The iniquities of private education were the subject of a sermon delivered at King’s College Chapel, Cambridge, in June 2014, when Bennett declared: “to say that nothing is fair is not an answer”.
Class, and a reluctance to dilute the advantages of a private education, are the problem, he says: “I can understand the Etonians saying they refuse to feel guilty, but it’s a waste, that’s what’s wrong with it.
People are wasted; they don’t reach their full capacities. And not to reach your full capacities because your parents are in the wrong position is dreadful.”
In the sermon, Bennett suggested that if something isn’t fair, “then maybe it’s not Christian either”. So is it possible to be Conservative and Christian? “If I said no the shit would really hit the fan!” He giggles. “I don’t know; I’m not competent to say that.”

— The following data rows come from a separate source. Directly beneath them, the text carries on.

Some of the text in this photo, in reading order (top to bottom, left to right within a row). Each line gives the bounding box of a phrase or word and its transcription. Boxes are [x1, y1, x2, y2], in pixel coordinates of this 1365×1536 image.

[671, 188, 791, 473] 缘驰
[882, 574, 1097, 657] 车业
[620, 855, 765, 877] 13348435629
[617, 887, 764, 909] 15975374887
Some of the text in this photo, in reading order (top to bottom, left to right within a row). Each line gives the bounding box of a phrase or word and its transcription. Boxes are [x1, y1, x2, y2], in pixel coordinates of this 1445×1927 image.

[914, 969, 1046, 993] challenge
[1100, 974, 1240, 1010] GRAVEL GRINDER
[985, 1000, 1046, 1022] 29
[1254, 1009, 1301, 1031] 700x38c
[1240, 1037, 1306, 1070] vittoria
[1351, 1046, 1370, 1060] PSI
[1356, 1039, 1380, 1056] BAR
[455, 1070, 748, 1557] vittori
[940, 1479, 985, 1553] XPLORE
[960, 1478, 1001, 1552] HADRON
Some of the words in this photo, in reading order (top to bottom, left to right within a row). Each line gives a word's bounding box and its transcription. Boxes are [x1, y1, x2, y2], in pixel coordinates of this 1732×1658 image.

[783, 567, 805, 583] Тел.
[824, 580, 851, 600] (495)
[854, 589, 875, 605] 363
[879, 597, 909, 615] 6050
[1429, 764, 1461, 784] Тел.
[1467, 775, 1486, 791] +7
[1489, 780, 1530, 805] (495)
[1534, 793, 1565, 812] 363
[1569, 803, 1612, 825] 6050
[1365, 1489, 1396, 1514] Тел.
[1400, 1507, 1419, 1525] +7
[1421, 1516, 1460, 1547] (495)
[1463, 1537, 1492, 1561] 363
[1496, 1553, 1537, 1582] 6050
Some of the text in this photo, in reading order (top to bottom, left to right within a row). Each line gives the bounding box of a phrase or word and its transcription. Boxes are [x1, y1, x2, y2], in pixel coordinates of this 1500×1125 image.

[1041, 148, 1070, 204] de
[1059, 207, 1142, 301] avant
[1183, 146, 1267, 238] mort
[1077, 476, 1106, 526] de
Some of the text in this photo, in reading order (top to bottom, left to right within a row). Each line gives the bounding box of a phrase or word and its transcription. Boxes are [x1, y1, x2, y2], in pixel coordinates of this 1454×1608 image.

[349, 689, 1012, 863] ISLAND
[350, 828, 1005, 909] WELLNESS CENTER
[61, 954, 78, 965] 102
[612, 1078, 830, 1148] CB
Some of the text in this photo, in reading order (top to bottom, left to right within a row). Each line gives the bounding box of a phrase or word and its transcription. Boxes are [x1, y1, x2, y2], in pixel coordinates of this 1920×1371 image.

The book is suffused with Bennett’s compassion and humanity, his distress that “fair play” is no longer what Britain is about, be it the persecution of Charles Kennedy for drinking; the lack of justice for Jean-Charles de Menezes, Ian Tomlinson and other victims of police misdemeanours; even for Abu Hamza who, however “reprehensible”, is a British citizen who should not have been extradited.
Lansley’s abolition of the NHS leaves him aghast.
He writes of “the nastification of Britain”, of “ideology masquerading as pragmatism”. The BBC, who helped nurture his own talent, is not immune. The Big Allotment Challenge was a particular affront: “Allotments are cooperative enterprises, not competitive – except for marrows. That business of saying someone’s not as good as someone else – I just hate it.”
Keeping On Keeping On is not all angst and upset. There are wonderful character sketches (Alan Clark “began life as a used car dealer and though with a silver spanner in his mouth remained one”) and thoughts and aperçus fill the book, the serious and the silly cheek by jowl.
In the Vatican Museum, Bennett conjures up an image that could come from a Donald McGill seaside postcard, eyeing “a Michelangelo hulk – hunk, too, probably once upon a time – thighs and crotch that has lost its cock but kept its scrotum.”
The self-portrait begun in Writing Home is ever more detailed, vignettes offering glimpses of life with Rupert: visiting old churches, rummaging in antique shops and communing with nature, perhaps in search of mushrooms or blackberries – something of a surprise given the urban nature of Bennett’s work. Creatures great and small gambol throughout the pages. Hens, he notes, “don’t repay affection”.
We discover a shared love of donkeys, he regretting he’s never kept one.
“I used to go and stay with Alec and Merula Guinness and there was a donkey in their field,” Bennett recalls. “I remember once feeling very low and I was sat in this field and the donkey came and licked my head. That was a blessing, really. They seem such benevolent creatures.”
The word sums up Bennett, but he’s worried becoming an “old git”. “I hope I’m saved from the worst of it by Rupert, who’s thirty years younger than I am. He pulls me up if I’m too old and gittish.” As if.
Keeping On Keeping On by Alan Bennett is published by Profile Books and Faber, £20 hardback.